Records to use.
──────

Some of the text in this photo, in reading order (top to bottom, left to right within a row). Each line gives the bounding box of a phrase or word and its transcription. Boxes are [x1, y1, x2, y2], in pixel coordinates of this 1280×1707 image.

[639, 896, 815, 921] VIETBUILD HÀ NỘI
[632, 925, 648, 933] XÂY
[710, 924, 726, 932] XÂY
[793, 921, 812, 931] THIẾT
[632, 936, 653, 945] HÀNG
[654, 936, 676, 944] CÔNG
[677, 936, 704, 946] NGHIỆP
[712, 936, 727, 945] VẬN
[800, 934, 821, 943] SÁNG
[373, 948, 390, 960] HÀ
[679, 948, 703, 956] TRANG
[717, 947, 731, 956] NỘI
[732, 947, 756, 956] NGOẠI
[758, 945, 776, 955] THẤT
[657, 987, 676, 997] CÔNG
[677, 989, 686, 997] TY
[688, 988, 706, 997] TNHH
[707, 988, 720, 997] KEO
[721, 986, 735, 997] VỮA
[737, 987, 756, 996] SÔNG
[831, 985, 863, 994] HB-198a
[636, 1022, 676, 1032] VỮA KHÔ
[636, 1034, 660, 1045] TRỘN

──────

Would you retype all of the data exactly as shown?

Some of the text in this photo, in reading order (top to bottom, left to right within a row). Each line gives the bounding box of a phrase or word and its transcription. Boxes are [x1, y1, x2, y2], in pixel coordinates of this 1280×1707 image.

[639, 896, 815, 921] VIETBUILD HÀ NỘI
[632, 925, 648, 933] XÂY
[710, 924, 726, 932] XÂY
[793, 921, 812, 931] THIẾT
[632, 936, 653, 945] HÀNG
[654, 936, 676, 944] CÔNG
[677, 936, 704, 946] NGHIỆP
[712, 936, 727, 945] VẬN
[800, 934, 821, 943] SÁNG
[373, 948, 390, 960] HÀ
[679, 948, 703, 956] TRANG
[717, 947, 731, 956] NỘI
[732, 947, 756, 956] NGOẠI
[758, 945, 776, 955] THẤT
[657, 987, 676, 997] CÔNG
[677, 989, 686, 997] TY
[688, 988, 706, 997] TNHH
[707, 988, 720, 997] KEO
[721, 986, 735, 997] VỮA
[737, 987, 756, 996] SÔNG
[831, 985, 863, 994] HB-198a
[636, 1022, 676, 1032] VỮA KHÔ
[636, 1034, 660, 1045] TRỘN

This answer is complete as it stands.